__What you are asked to do__
Recreate the listing that follows line for line, without pictures.

__Extracted records__

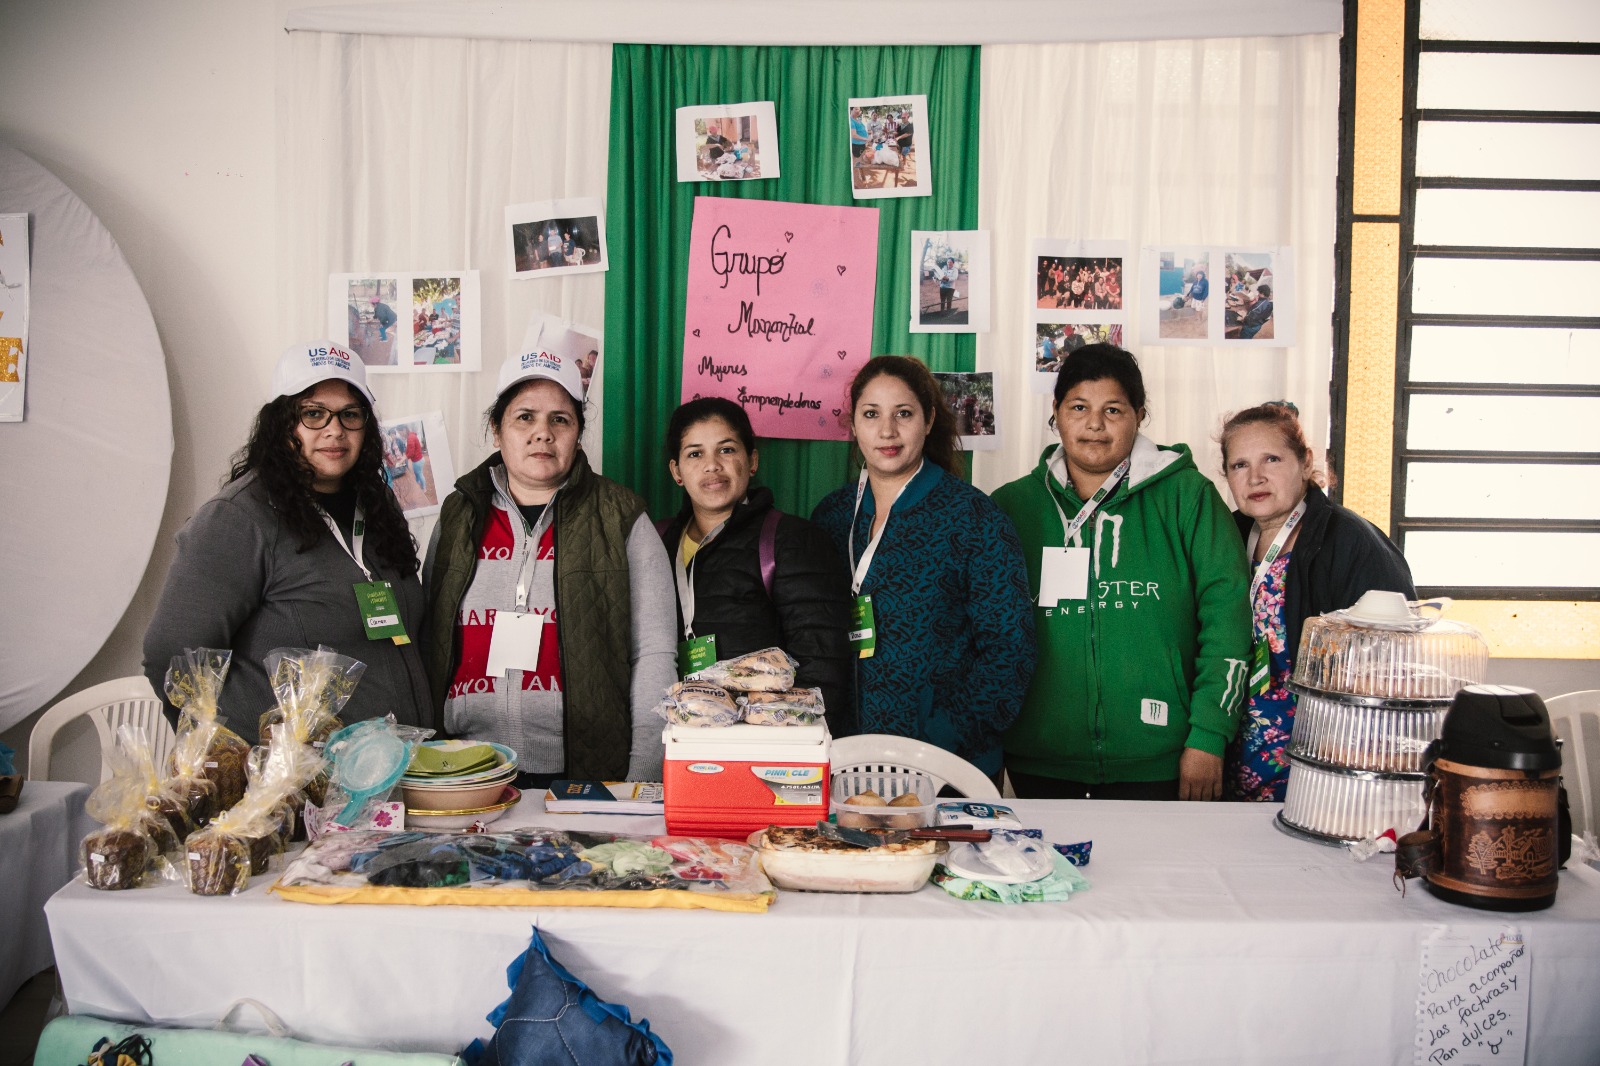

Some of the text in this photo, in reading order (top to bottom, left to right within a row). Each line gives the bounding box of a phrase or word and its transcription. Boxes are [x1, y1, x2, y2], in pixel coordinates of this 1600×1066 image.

[308, 347, 350, 360] USAID
[521, 351, 562, 363] USAID
[1045, 601, 1139, 617] ENERGY
[1427, 994, 1466, 1020] Para

__Task output__
Some of the text in this photo, in reading order (top to bottom, left to right within a row). Each line gives the bounding box of a phrase or word and its transcription. Boxes are [x1, y1, x2, y2], in pixel coordinates of this 1600×1066 image.

[308, 347, 350, 360] USAID
[521, 351, 562, 363] USAID
[1045, 601, 1139, 617] ENERGY
[1427, 994, 1466, 1020] Para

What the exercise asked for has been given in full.